9. Words was filmed in your home state of Louisiana. Why did you want the film to take place here and what was it like to now see your home through the eyes of the camera lens? It was a dream come true. I've always wanted to return home to shoot a film and hope to have the opportunity to do so again. Louisiana is just so culturally rich and New Orleans provides a soulful backdrop to the story. Seeing the city through the camera lens is special because it's so sensorial - you can hear the music, feel the heat, and taste the flavors. The energy is palpable.

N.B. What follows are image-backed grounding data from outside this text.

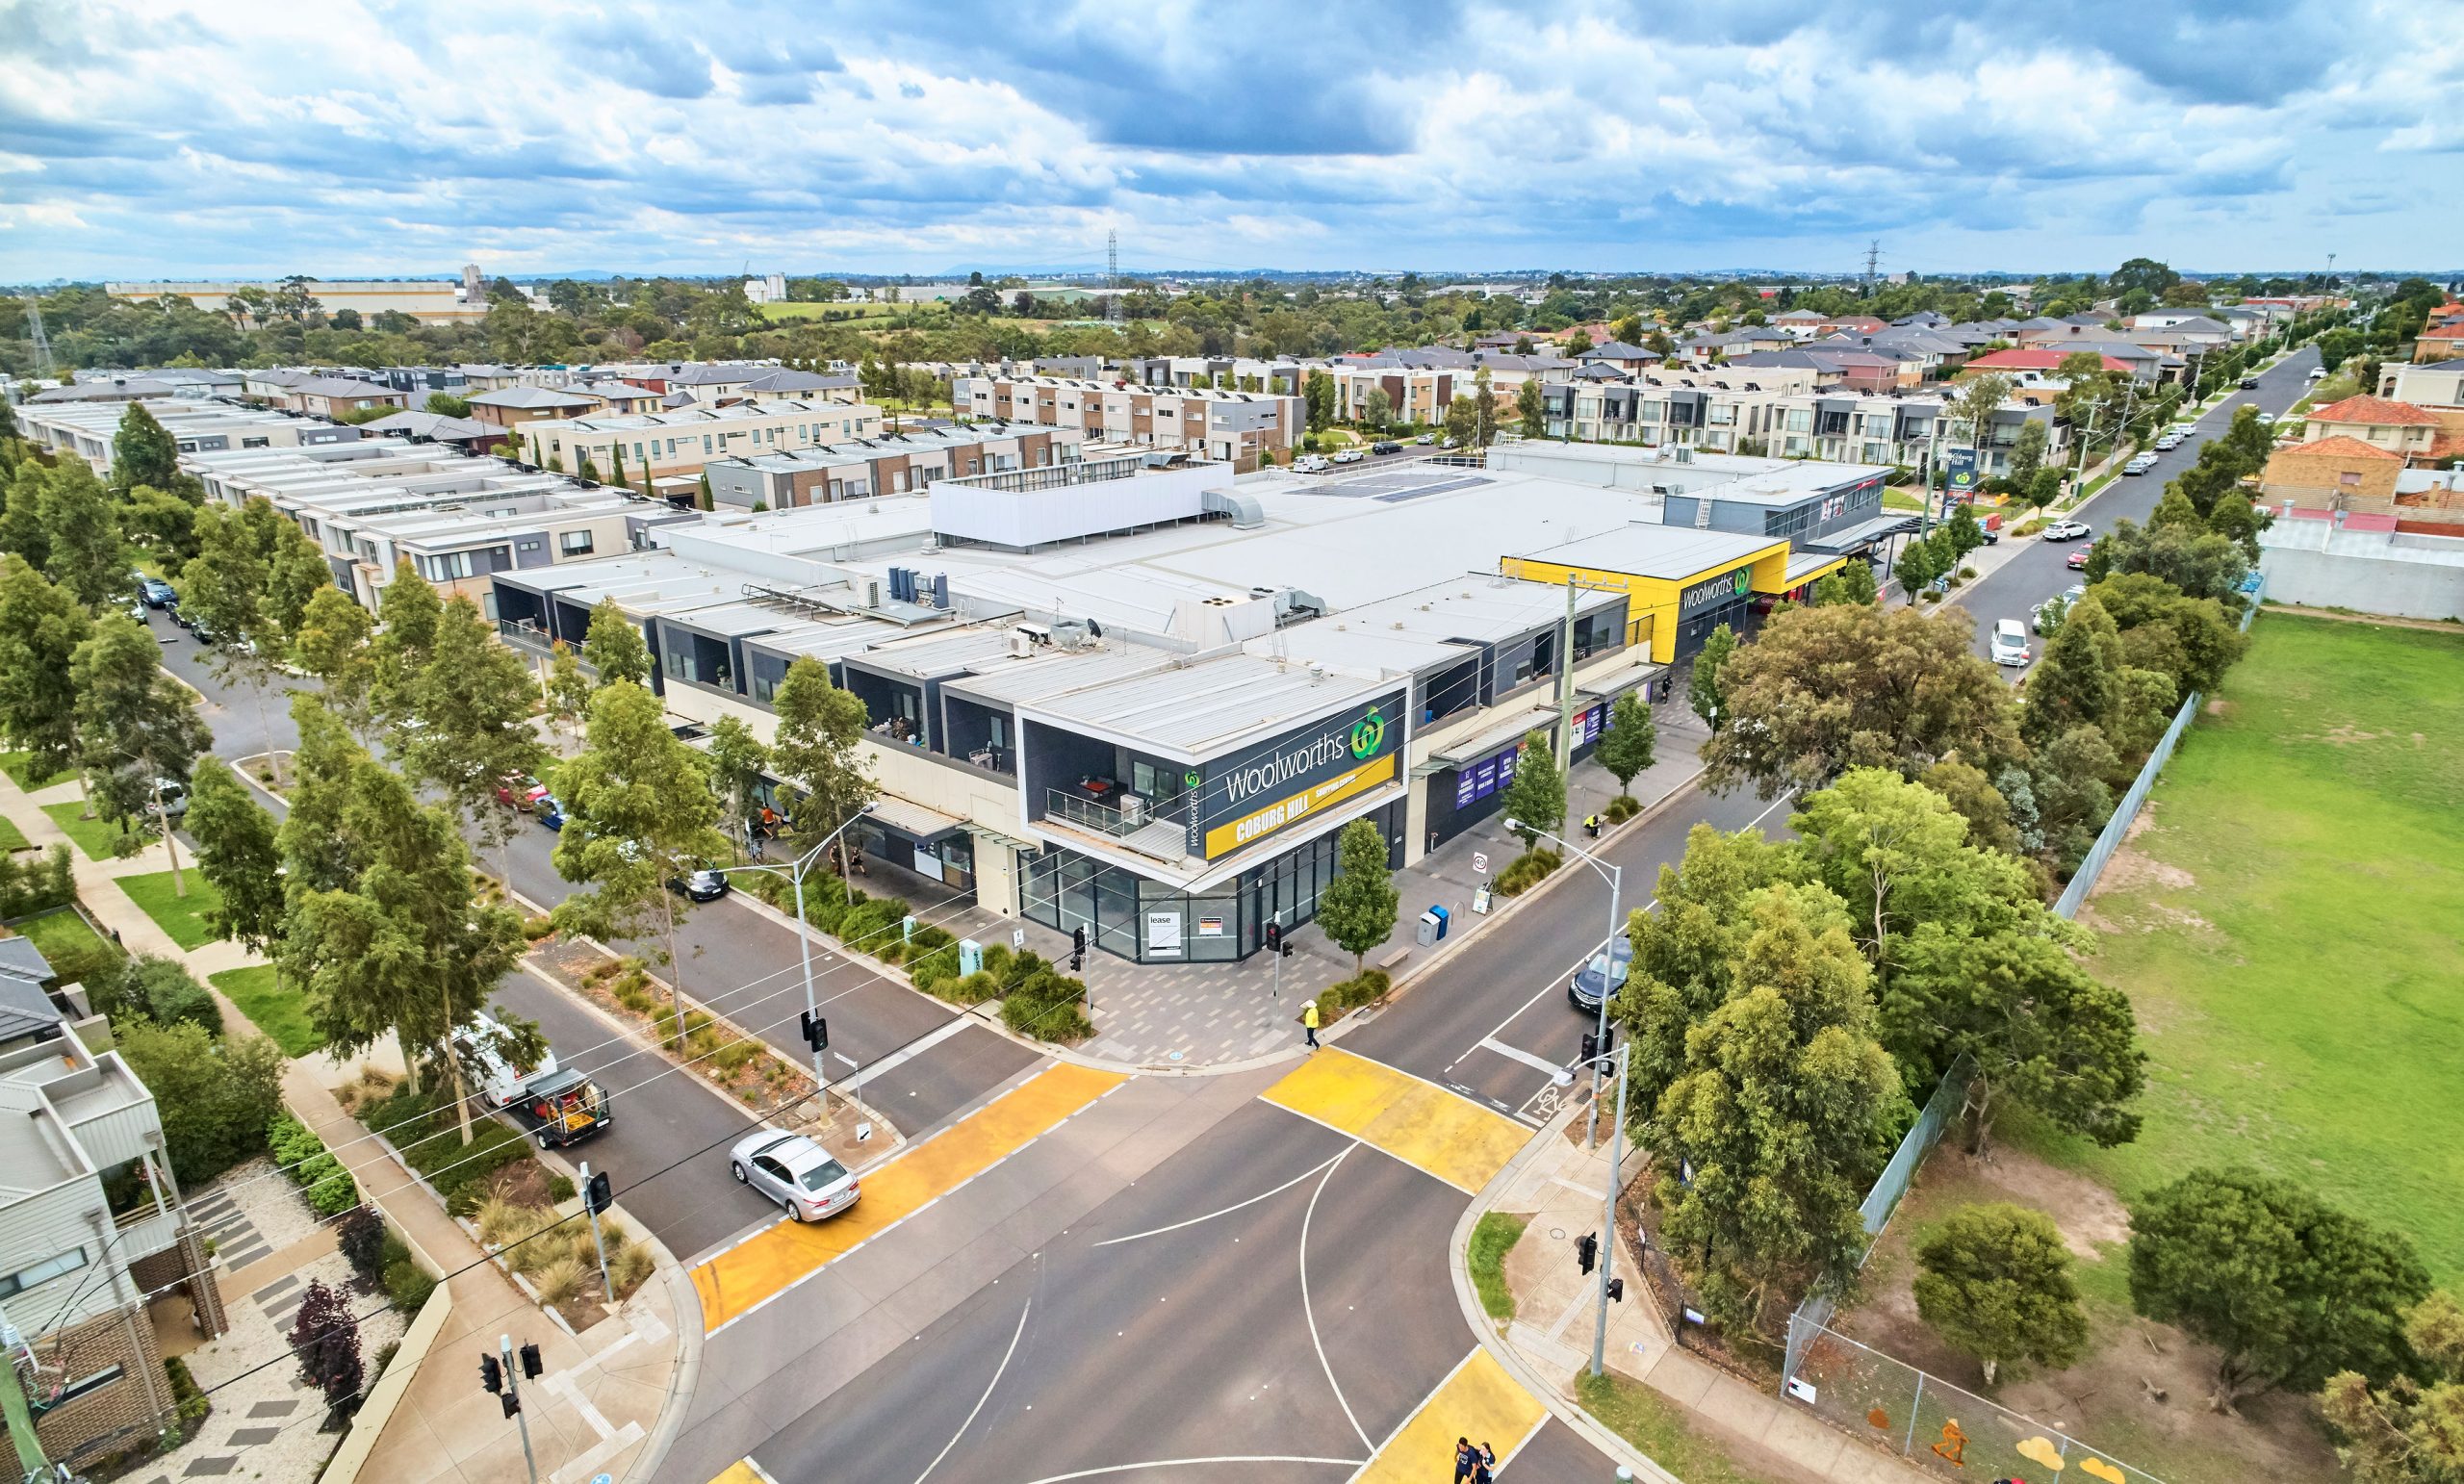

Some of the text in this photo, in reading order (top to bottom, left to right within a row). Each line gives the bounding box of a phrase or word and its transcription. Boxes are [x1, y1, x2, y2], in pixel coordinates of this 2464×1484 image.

[1952, 452, 1973, 462] Coburg
[1682, 574, 1732, 610] Woolworths
[1225, 732, 1345, 803] Woolworths
[1189, 790, 1198, 847] Woolworths
[1236, 794, 1309, 843] COBURG HILL
[1476, 858, 1484, 867] 40
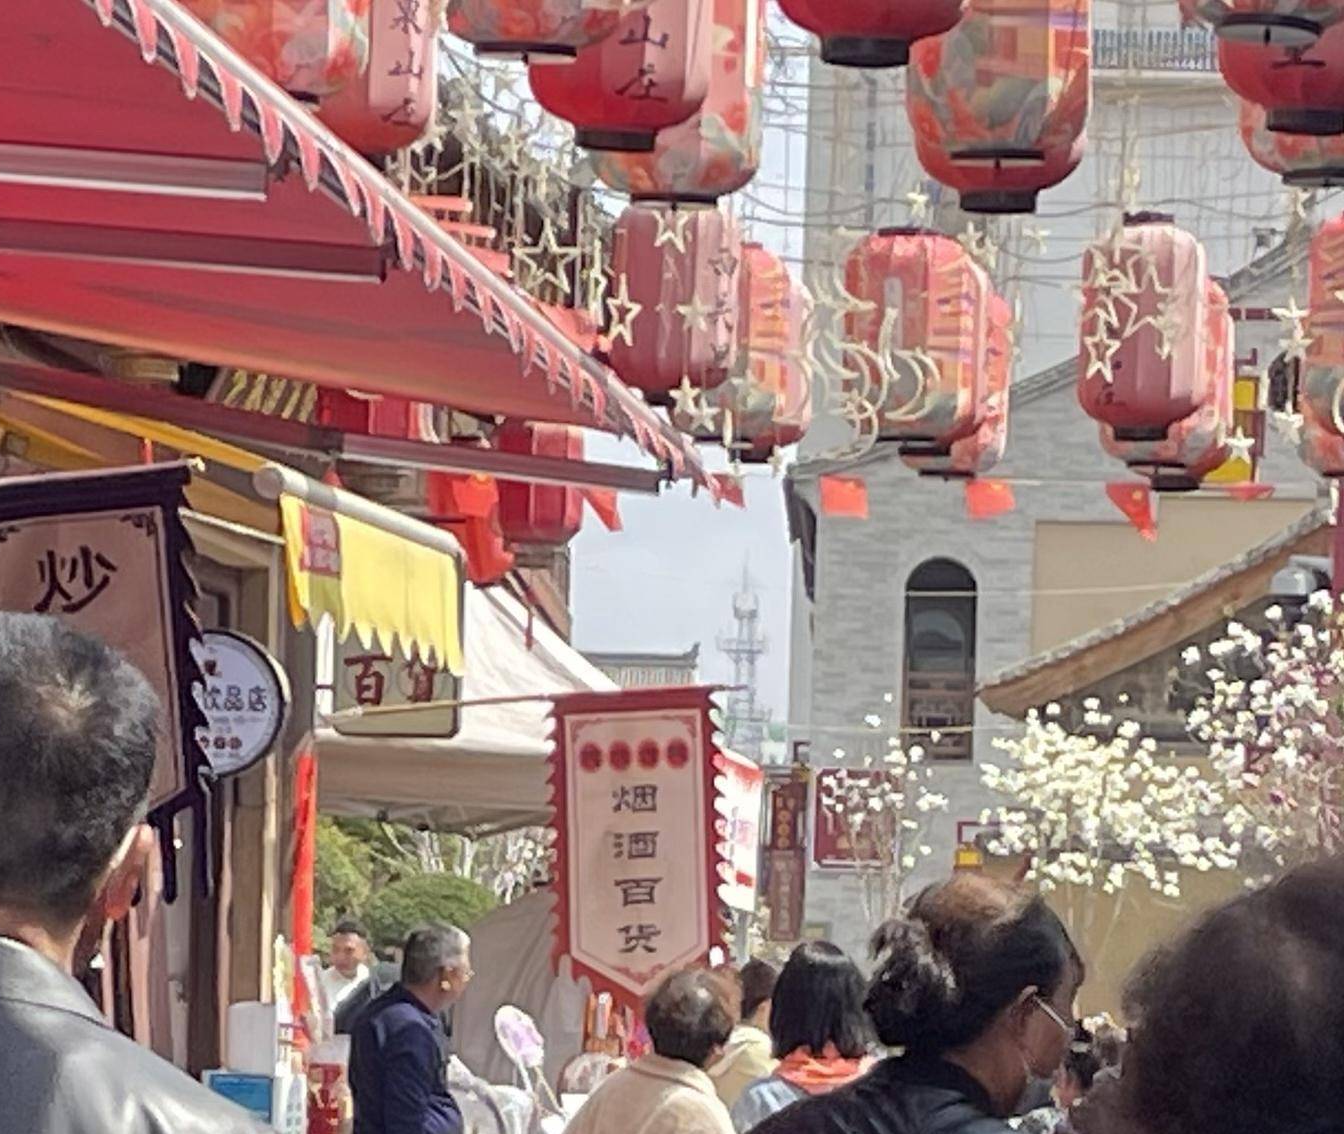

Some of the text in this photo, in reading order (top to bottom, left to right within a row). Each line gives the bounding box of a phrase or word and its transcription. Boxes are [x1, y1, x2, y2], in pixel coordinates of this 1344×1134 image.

[33, 545, 117, 613] 炒
[612, 783, 663, 953] 烟酒百货
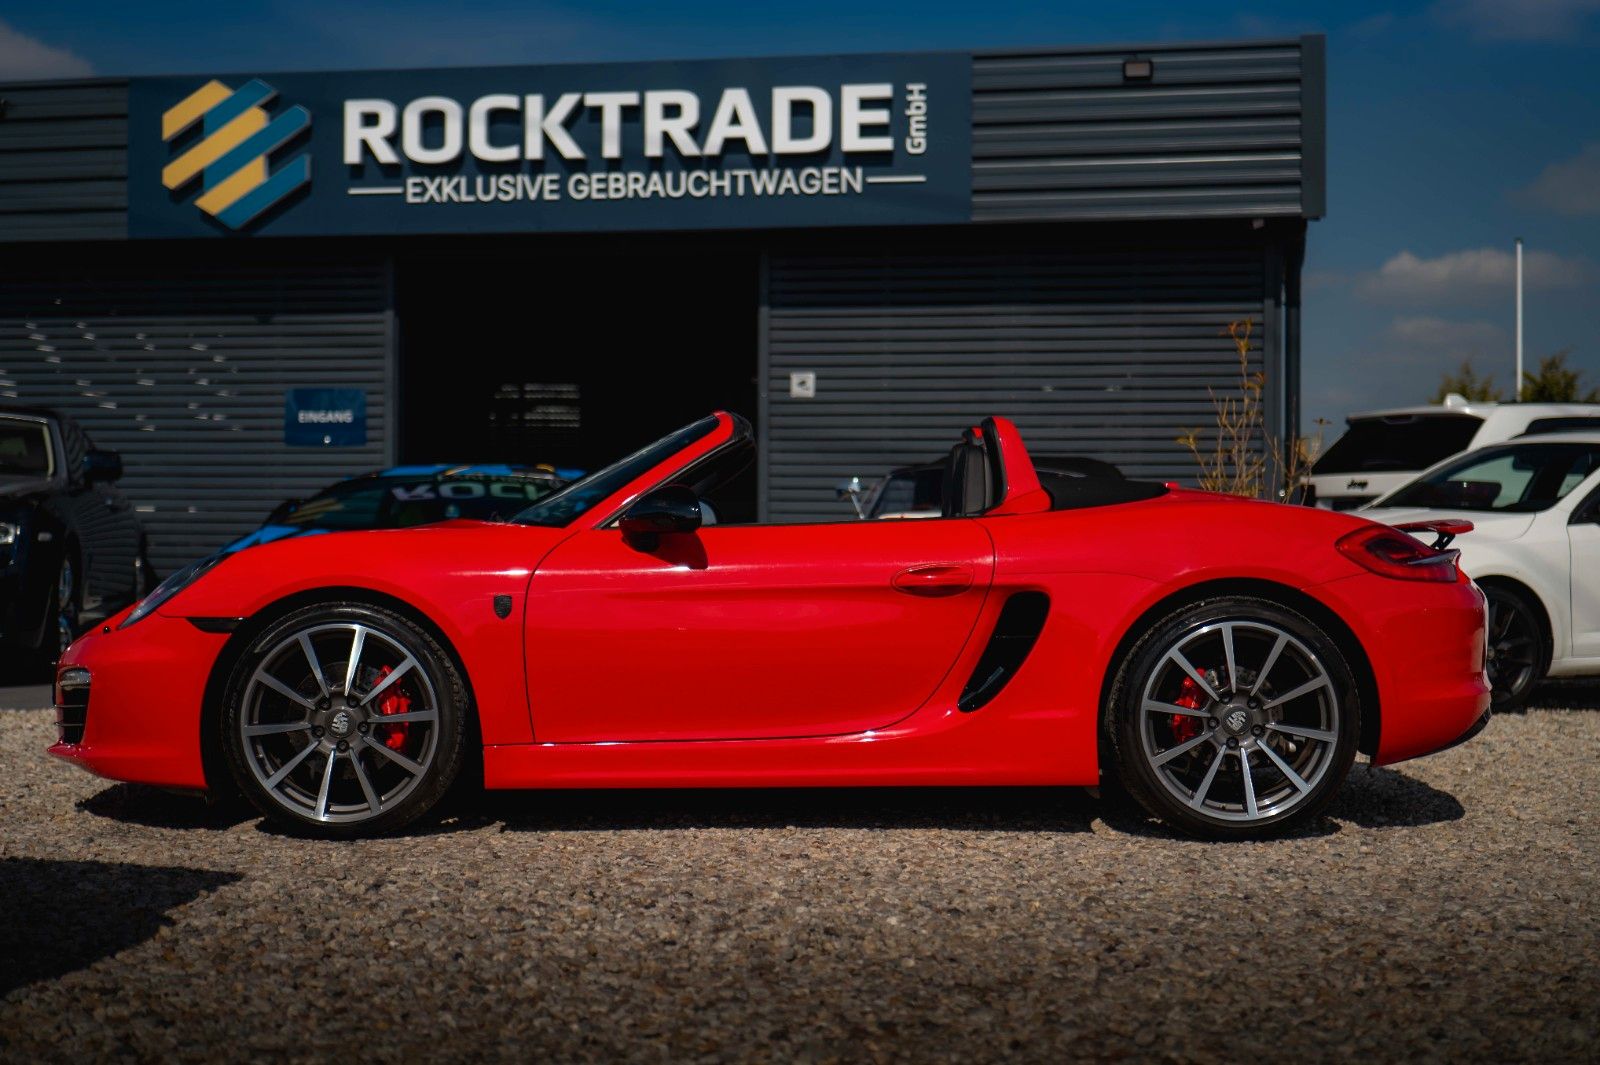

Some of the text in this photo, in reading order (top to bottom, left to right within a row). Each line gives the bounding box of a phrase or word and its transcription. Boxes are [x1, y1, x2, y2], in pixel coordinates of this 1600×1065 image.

10. As someone who influenced the creation of this section, I need to ask you the question I ask everyone! On "Call Me Adam" I have a section called One Percent Better, where through my own fitness commitment, I try to encourage people to improve their own life by one percent every day. What is something in your life that you want to improve by one percent better every day? I love that! It took me over a year chipping away at Words little by little before anything even got off the ground. So I firmly believe in the consistent little steps or like you call it, the 1% percent everyday, to achieve your goals. Recently I've been working on patience. Writing and working out are my meditation and usually help get my mind right to keep things in perspective. If I can manage do at least one of those everyday, I'd say I'm on track to my daily 1% improvement.
Director Andy Phillips fell in love with movies at an early age in large part due to his father's rather premature introduction to the great comedies of the late '70s & early 80's including The Jerk, Stripes, The Blues Brothers, Animal House, and many others. With such influences, Andy spent much of his elementary and high school years writing and filming sketches with friends. He eventually moved to New York City to study and perform at The Upright Citizens Brigade and then ultimately went on to earn his MFA from The Actors Studio Drama School at Pace University. Originally form Louisiana, Andy now lives in LA and is the founder of Y'ALL MEDIA, a narrative film production company with a focus on telling diverse stories through strong artistic collaboration.